Topic Tuesday: Reliance
“Learning to Walk with Others on The Road to Recovery” (By: Elizabeth Jordan)
Something I learned in recovery was that you have to expect to be uncomfortable. You have to live through painful emotions and uncomfortable physical changes to reach your healing destination. It is also a time in which you have to let support in, not push it away.
The first thing I did when I began to fall down the path that led me to an eating disorder was shut people out. I did it in order to shelter my emotions and to shield myself from the judgment of others. Not only that, but I also did not want people to ask me to eat with them in fear of what they would have me eat or if they would pressure me to eat. This resulted in a loss of friendship and it created nothing but distance. However, in order to get better, I had to understand the value of relationships and I had to understand just how much I needed people and their support. It was the visits from friends that gave me courage and strength.
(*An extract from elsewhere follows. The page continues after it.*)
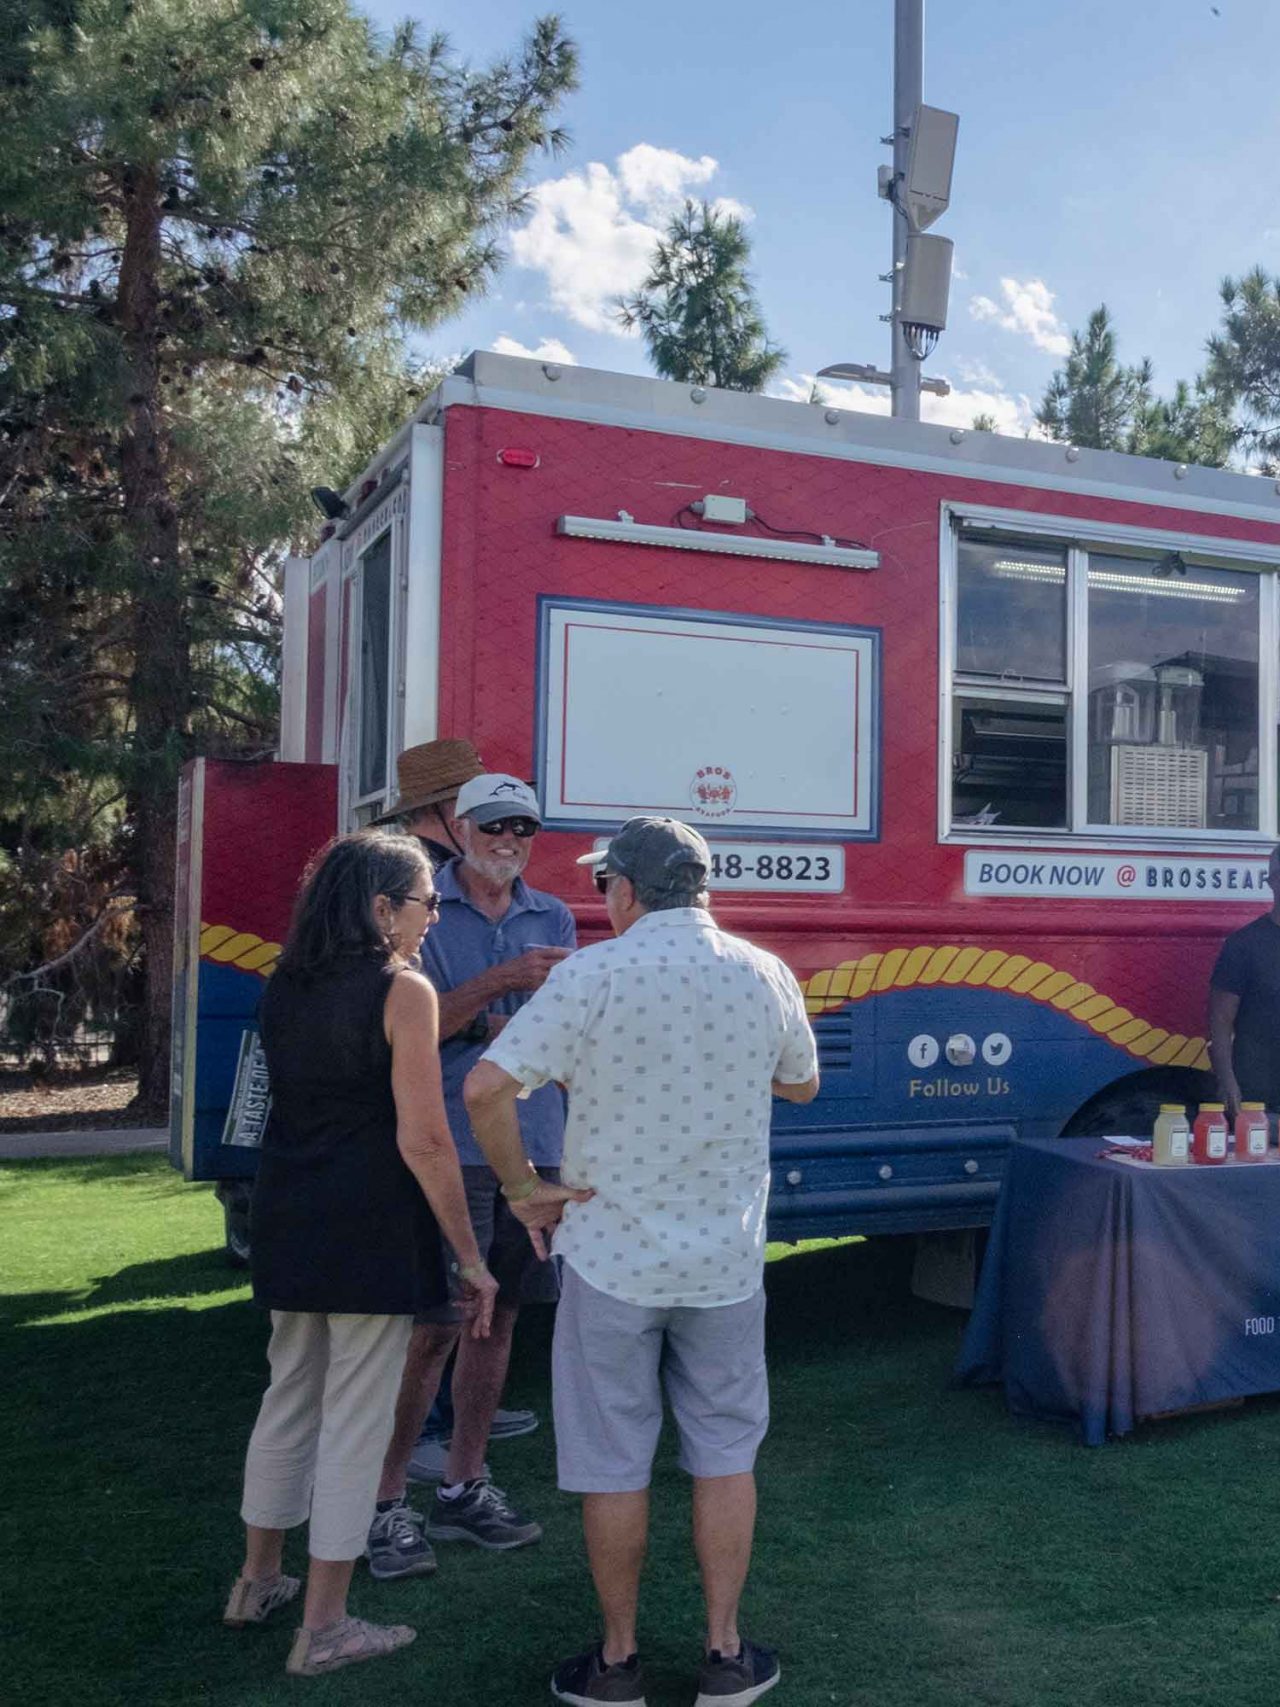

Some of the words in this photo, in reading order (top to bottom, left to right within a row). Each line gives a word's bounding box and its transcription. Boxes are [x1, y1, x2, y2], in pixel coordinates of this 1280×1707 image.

In the hospital I had a clear view of the walls, hallways, and a window view of the outside. However, my access to the outside was limited due to my need to be in bed. I had to gain weight, so I could not do anything that would hinder the weight gain. With that being said, I had to have people to support and help me through that change. It was not easy to see the scale go up through the remaining weeks, and I truly had to have people there holding my hand reminding me that this was a step into normalcy.
Another thing I realized along my recovery journey was the need to express when I needed help and was weak. I think it is in those moments where one’s strength is evident and undeniable. It is a choice and a choice that is necessary. When you are wrapped in an eating disorder, you are truly incapable of helping yourself out. It is through the words, actions, and support of others where I was able to move forward and get to a place I needed to be at in order to return to life again. It may not be today and it may not be tomorrow. However, I encourage anyone who is dealing with an eating disorder and just dealing with life to surround yourself with people who genuinely care about you, because those people will serve as your support base when you find yourself in moments where you feel all is lost. We need people. We need people and we need relationships.
Elizabeth Jordan is a junior at Trevecca Nazarene University in Nashville, Tennessee. She is a Worship Arts major and Social Work minor. She was diagnosed with anorexia nervosa at the age of thirteen. Her experience with the illness has created in her a passion to work and help others dealing with similar circumstances. She plans on using her degrees to focus on the issue of eating disorders and assure that the truth is always communicated and lives are transformed and changed. Also, her hope is that she can somehow intertwine her passion for leading worship with her passion for helping others who are enveloped in this life-threatening illness or who are in danger of its development in their life.